BASF Files Legal Challenge in EU’s Fipronil Restrictions
BASF has taken the European Commission (EC) to court over plans to include the German group's insecticide fipronil in a two-year moratorium on products suspected of playing a role in the bee disease Colony Collapse Disorder (CCD).
The moratorium scheduled to take effect in December targets mainly the neonicotinoid class of insecticides produced by Germany's Bayer and Switzerland's Syngenta, including the active ingredients clothianidin, imidacloprid and thiamethoxam. It applies to all crops except winter cereals and plants not attractive to bees, such as sugar beet. Fipronil, used in treatment of maize and sunflower seeds, was included later following a recommendation by the European Food Safety Agency, EFSA.

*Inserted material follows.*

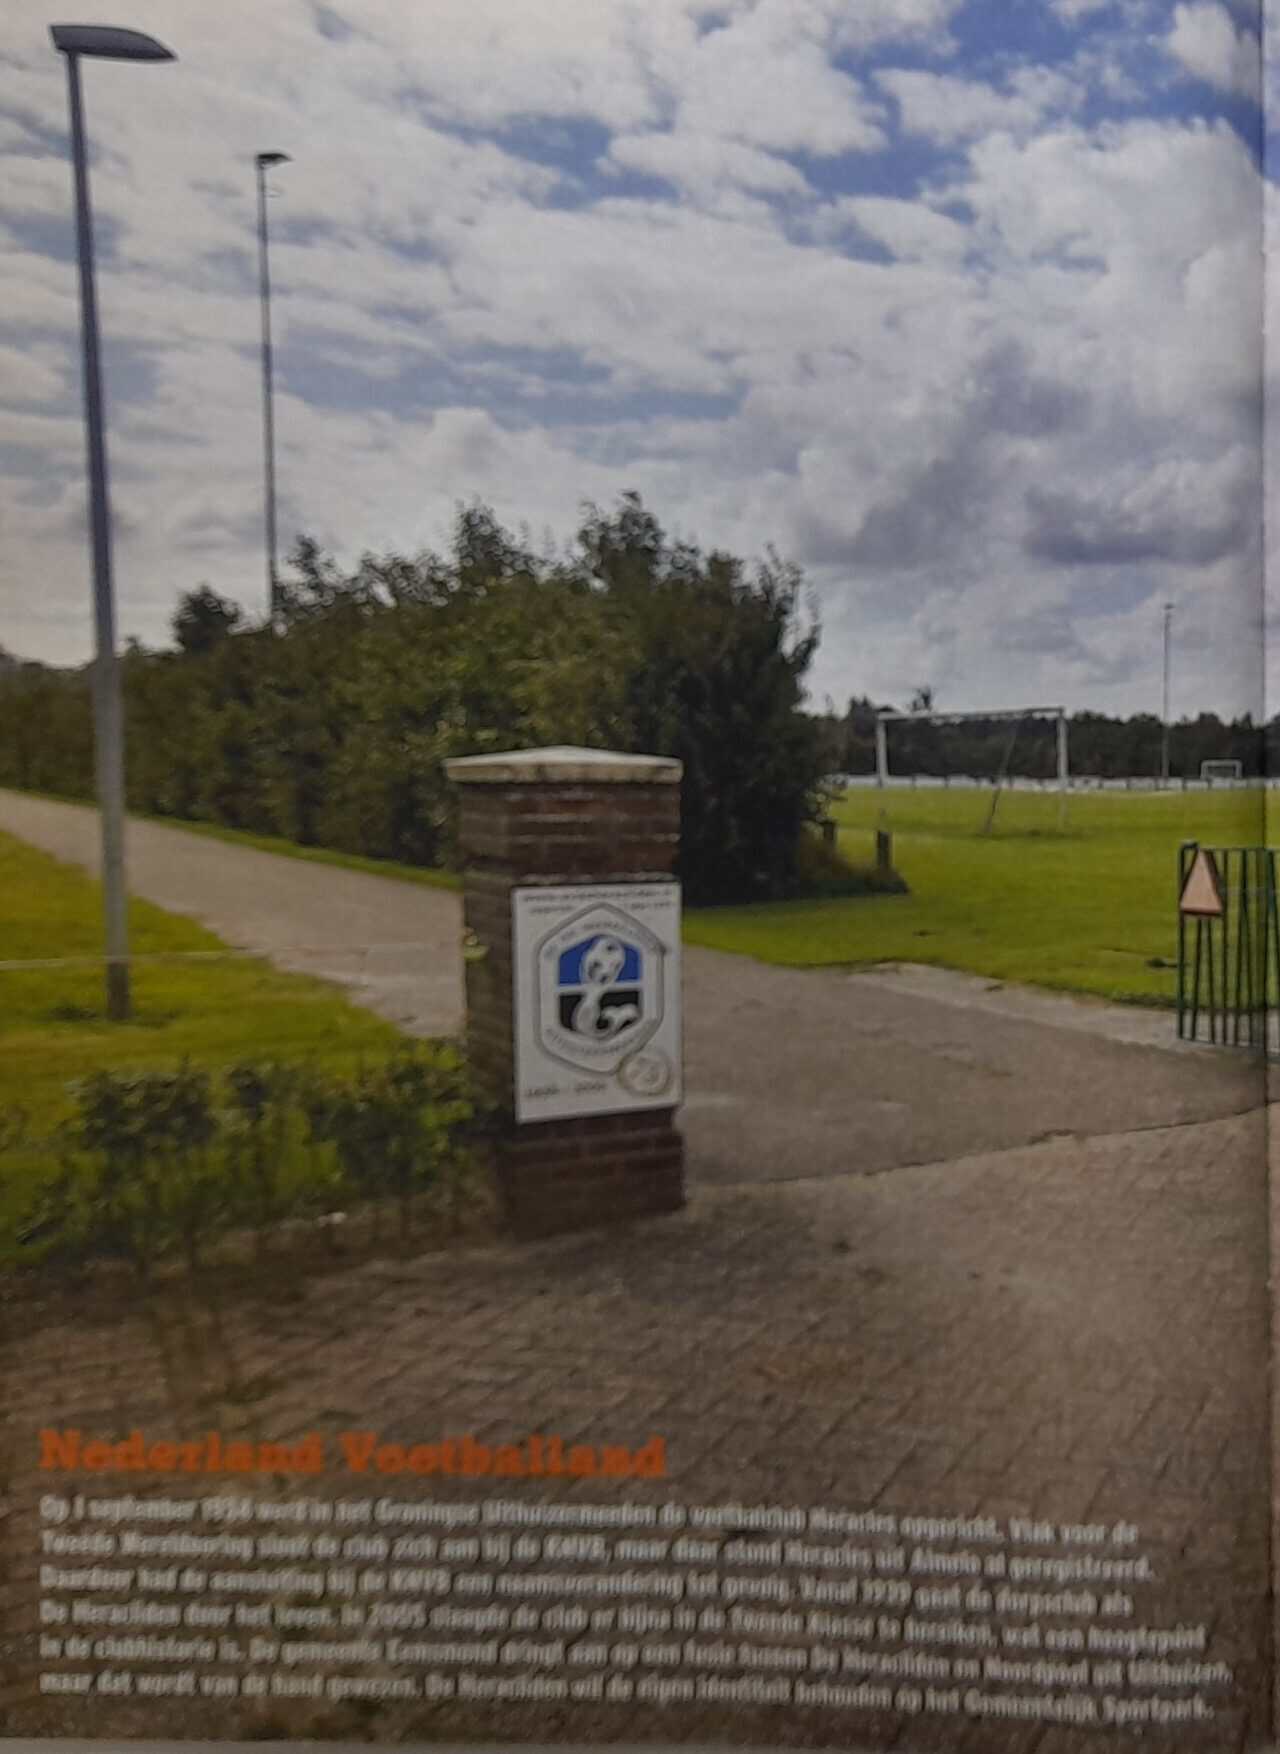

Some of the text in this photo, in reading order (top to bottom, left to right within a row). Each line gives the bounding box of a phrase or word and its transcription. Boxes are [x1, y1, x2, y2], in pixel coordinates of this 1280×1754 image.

[39, 1429, 668, 1478] Nederland Voetballand
[88, 1495, 198, 1525] september

After a two-year trial, the EC has said it will "consider the newest scientific information" and review the restrictions.
Announcing the challenge filed in the General Court of the European Union, BASF said it remains convinced that the decline of the bee population is caused by multiple and complex factors and that the ban of fipronil uses will not contribute to protecting bees. It labeled the EC move a "disproportionate application of the precautionary principle.
Prior to the decision, we reached out to the Commission, but unfortunately our valid scientific studies and evidence were not properly taken into account," said Jürgen Oldeweme, senior vice president global product safety and regulatory affairs in the group's Crop Protection division. "This is why we have taken this step. Fipronil is an important technology in modern agriculture that growers count on."
BASF said the Commission had not considered all the scientific evidence available and also had breached EU pesticide legislation. The world's largest chemical group said it supports research projects investigating the causes related to the decline of bee health and also is developing new products to control bee pests, pathogens and diseases. In this respect, it plans to market a product that controls the Varroa destructor mite. Bayer recently announced it would focus research on the mite as a primary culprit in CCD.